Work order: Retype all of the records precisely.

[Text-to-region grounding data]
____________________
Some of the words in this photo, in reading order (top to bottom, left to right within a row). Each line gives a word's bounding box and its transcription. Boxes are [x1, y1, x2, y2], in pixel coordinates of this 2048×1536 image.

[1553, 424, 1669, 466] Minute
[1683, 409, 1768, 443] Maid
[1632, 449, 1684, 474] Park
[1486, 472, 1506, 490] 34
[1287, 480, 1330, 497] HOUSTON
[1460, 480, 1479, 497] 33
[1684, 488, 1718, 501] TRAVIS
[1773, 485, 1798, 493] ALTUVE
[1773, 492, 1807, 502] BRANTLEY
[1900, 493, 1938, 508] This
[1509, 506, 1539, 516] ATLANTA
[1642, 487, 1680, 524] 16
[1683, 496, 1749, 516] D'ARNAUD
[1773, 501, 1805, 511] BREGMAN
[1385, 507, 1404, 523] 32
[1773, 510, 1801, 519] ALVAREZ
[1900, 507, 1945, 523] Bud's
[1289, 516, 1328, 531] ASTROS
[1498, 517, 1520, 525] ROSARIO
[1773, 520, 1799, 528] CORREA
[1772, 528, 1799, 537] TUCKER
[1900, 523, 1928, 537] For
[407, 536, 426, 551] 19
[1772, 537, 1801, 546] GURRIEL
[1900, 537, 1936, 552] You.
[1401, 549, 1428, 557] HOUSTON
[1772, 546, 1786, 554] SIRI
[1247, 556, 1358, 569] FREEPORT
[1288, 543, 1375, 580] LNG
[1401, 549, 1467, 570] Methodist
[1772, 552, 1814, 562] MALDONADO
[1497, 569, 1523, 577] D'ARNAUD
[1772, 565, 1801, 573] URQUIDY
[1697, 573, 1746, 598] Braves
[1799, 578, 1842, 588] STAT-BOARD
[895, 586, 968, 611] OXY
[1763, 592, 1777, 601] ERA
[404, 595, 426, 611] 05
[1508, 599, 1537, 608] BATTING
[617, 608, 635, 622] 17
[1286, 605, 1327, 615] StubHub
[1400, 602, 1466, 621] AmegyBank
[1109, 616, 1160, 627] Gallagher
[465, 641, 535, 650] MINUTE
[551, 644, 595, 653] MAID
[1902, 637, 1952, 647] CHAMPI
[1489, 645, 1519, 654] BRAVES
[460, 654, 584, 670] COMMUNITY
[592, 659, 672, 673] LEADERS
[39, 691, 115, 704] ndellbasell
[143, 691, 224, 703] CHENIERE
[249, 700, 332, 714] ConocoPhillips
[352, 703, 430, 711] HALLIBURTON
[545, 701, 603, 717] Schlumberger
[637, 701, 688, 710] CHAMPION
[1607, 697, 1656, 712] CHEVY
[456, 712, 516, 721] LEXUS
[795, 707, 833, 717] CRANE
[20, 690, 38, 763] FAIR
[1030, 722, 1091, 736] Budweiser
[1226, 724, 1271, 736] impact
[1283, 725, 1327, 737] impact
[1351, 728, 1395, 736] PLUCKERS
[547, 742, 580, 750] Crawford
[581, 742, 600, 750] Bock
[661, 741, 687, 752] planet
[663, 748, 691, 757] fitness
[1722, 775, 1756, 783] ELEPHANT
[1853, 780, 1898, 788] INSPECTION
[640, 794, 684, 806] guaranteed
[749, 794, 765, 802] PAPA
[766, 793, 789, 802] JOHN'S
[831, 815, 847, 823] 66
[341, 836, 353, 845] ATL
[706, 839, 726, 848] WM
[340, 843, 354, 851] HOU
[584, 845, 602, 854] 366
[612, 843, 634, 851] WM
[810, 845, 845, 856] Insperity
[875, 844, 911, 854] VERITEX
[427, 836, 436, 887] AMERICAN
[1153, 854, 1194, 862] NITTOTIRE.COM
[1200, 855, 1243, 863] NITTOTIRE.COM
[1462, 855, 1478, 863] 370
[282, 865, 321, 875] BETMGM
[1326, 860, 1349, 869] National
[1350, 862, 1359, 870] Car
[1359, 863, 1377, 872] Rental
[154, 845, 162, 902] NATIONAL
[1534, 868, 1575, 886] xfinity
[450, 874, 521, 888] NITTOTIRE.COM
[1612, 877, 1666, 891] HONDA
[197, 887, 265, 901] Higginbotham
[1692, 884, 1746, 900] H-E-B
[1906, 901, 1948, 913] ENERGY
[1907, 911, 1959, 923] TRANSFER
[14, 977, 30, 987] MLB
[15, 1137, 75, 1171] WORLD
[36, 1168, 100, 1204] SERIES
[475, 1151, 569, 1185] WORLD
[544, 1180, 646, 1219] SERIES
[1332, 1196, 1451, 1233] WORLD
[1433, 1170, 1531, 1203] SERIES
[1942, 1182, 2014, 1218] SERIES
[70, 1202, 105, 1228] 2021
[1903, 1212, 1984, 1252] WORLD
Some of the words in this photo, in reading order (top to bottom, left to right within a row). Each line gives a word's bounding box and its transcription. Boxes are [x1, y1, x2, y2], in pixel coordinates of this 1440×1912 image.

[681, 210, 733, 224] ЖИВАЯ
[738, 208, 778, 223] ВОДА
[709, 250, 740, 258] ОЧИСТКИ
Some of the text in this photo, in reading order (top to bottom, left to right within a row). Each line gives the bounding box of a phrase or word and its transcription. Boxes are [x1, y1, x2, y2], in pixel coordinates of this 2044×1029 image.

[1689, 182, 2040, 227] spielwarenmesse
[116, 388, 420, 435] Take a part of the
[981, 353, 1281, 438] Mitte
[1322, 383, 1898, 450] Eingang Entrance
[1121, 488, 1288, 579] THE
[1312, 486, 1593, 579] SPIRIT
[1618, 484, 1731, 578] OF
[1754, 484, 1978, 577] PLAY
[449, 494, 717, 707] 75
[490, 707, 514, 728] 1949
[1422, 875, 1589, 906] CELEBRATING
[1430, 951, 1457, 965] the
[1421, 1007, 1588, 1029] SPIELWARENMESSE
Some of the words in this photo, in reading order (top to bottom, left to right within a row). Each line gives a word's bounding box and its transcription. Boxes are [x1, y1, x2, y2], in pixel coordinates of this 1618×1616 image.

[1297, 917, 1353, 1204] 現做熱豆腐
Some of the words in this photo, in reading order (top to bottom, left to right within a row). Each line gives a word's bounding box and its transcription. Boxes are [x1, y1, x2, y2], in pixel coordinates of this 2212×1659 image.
____________________
Solution for this task:
Some of the words in this photo, in reading order (top to bottom, left to right within a row). Each line gives a word's bounding box and its transcription. Boxes are [x1, y1, x2, y2], in pixel coordinates of this 2048×1536 image.

[1553, 424, 1669, 466] Minute
[1683, 409, 1768, 443] Maid
[1632, 449, 1684, 474] Park
[1486, 472, 1506, 490] 34
[1287, 480, 1330, 497] HOUSTON
[1460, 480, 1479, 497] 33
[1684, 488, 1718, 501] TRAVIS
[1773, 485, 1798, 493] ALTUVE
[1773, 492, 1807, 502] BRANTLEY
[1900, 493, 1938, 508] This
[1509, 506, 1539, 516] ATLANTA
[1642, 487, 1680, 524] 16
[1683, 496, 1749, 516] D'ARNAUD
[1773, 501, 1805, 511] BREGMAN
[1385, 507, 1404, 523] 32
[1773, 510, 1801, 519] ALVAREZ
[1900, 507, 1945, 523] Bud's
[1289, 516, 1328, 531] ASTROS
[1498, 517, 1520, 525] ROSARIO
[1773, 520, 1799, 528] CORREA
[1772, 528, 1799, 537] TUCKER
[1900, 523, 1928, 537] For
[407, 536, 426, 551] 19
[1772, 537, 1801, 546] GURRIEL
[1900, 537, 1936, 552] You.
[1401, 549, 1428, 557] HOUSTON
[1772, 546, 1786, 554] SIRI
[1247, 556, 1358, 569] FREEPORT
[1288, 543, 1375, 580] LNG
[1401, 549, 1467, 570] Methodist
[1772, 552, 1814, 562] MALDONADO
[1497, 569, 1523, 577] D'ARNAUD
[1772, 565, 1801, 573] URQUIDY
[1697, 573, 1746, 598] Braves
[1799, 578, 1842, 588] STAT-BOARD
[895, 586, 968, 611] OXY
[1763, 592, 1777, 601] ERA
[404, 595, 426, 611] 05
[1508, 599, 1537, 608] BATTING
[617, 608, 635, 622] 17
[1286, 605, 1327, 615] StubHub
[1400, 602, 1466, 621] AmegyBank
[1109, 616, 1160, 627] Gallagher
[465, 641, 535, 650] MINUTE
[551, 644, 595, 653] MAID
[1902, 637, 1952, 647] CHAMPI
[1489, 645, 1519, 654] BRAVES
[460, 654, 584, 670] COMMUNITY
[592, 659, 672, 673] LEADERS
[39, 691, 115, 704] ndellbasell
[143, 691, 224, 703] CHENIERE
[249, 700, 332, 714] ConocoPhillips
[352, 703, 430, 711] HALLIBURTON
[545, 701, 603, 717] Schlumberger
[637, 701, 688, 710] CHAMPION
[1607, 697, 1656, 712] CHEVY
[456, 712, 516, 721] LEXUS
[795, 707, 833, 717] CRANE
[20, 690, 38, 763] FAIR
[1030, 722, 1091, 736] Budweiser
[1226, 724, 1271, 736] impact
[1283, 725, 1327, 737] impact
[1351, 728, 1395, 736] PLUCKERS
[547, 742, 580, 750] Crawford
[581, 742, 600, 750] Bock
[661, 741, 687, 752] planet
[663, 748, 691, 757] fitness
[1722, 775, 1756, 783] ELEPHANT
[1853, 780, 1898, 788] INSPECTION
[640, 794, 684, 806] guaranteed
[749, 794, 765, 802] PAPA
[766, 793, 789, 802] JOHN'S
[831, 815, 847, 823] 66
[341, 836, 353, 845] ATL
[706, 839, 726, 848] WM
[340, 843, 354, 851] HOU
[584, 845, 602, 854] 366
[612, 843, 634, 851] WM
[810, 845, 845, 856] Insperity
[875, 844, 911, 854] VERITEX
[427, 836, 436, 887] AMERICAN
[1153, 854, 1194, 862] NITTOTIRE.COM
[1200, 855, 1243, 863] NITTOTIRE.COM
[1462, 855, 1478, 863] 370
[282, 865, 321, 875] BETMGM
[1326, 860, 1349, 869] National
[1350, 862, 1359, 870] Car
[1359, 863, 1377, 872] Rental
[154, 845, 162, 902] NATIONAL
[1534, 868, 1575, 886] xfinity
[450, 874, 521, 888] NITTOTIRE.COM
[1612, 877, 1666, 891] HONDA
[197, 887, 265, 901] Higginbotham
[1692, 884, 1746, 900] H-E-B
[1906, 901, 1948, 913] ENERGY
[1907, 911, 1959, 923] TRANSFER
[14, 977, 30, 987] MLB
[15, 1137, 75, 1171] WORLD
[36, 1168, 100, 1204] SERIES
[475, 1151, 569, 1185] WORLD
[544, 1180, 646, 1219] SERIES
[1332, 1196, 1451, 1233] WORLD
[1433, 1170, 1531, 1203] SERIES
[1942, 1182, 2014, 1218] SERIES
[70, 1202, 105, 1228] 2021
[1903, 1212, 1984, 1252] WORLD
Some of the words in this photo, in reading order (top to bottom, left to right within a row). Each line gives a word's bounding box and its transcription. Boxes are [x1, y1, x2, y2], in pixel coordinates of this 1440×1912 image.

[681, 210, 733, 224] ЖИВАЯ
[738, 208, 778, 223] ВОДА
[709, 250, 740, 258] ОЧИСТКИ
Some of the text in this photo, in reading order (top to bottom, left to right within a row). Each line gives the bounding box of a phrase or word and its transcription. Boxes are [x1, y1, x2, y2], in pixel coordinates of this 2044×1029 image.

[1689, 182, 2040, 227] spielwarenmesse
[116, 388, 420, 435] Take a part of the
[981, 353, 1281, 438] Mitte
[1322, 383, 1898, 450] Eingang Entrance
[1121, 488, 1288, 579] THE
[1312, 486, 1593, 579] SPIRIT
[1618, 484, 1731, 578] OF
[1754, 484, 1978, 577] PLAY
[449, 494, 717, 707] 75
[490, 707, 514, 728] 1949
[1422, 875, 1589, 906] CELEBRATING
[1430, 951, 1457, 965] the
[1421, 1007, 1588, 1029] SPIELWARENMESSE
Some of the words in this photo, in reading order (top to bottom, left to right within a row). Each line gives a word's bounding box and its transcription. Boxes are [x1, y1, x2, y2], in pixel coordinates of this 1618×1616 image.

[1297, 917, 1353, 1204] 現做熱豆腐
Some of the words in this photo, in reading order (top to bottom, left to right within a row). Each line gives a word's bounding box and its transcription. Boxes are [x1, y1, x2, y2], in pixel coordinates of this 2212×1659 image.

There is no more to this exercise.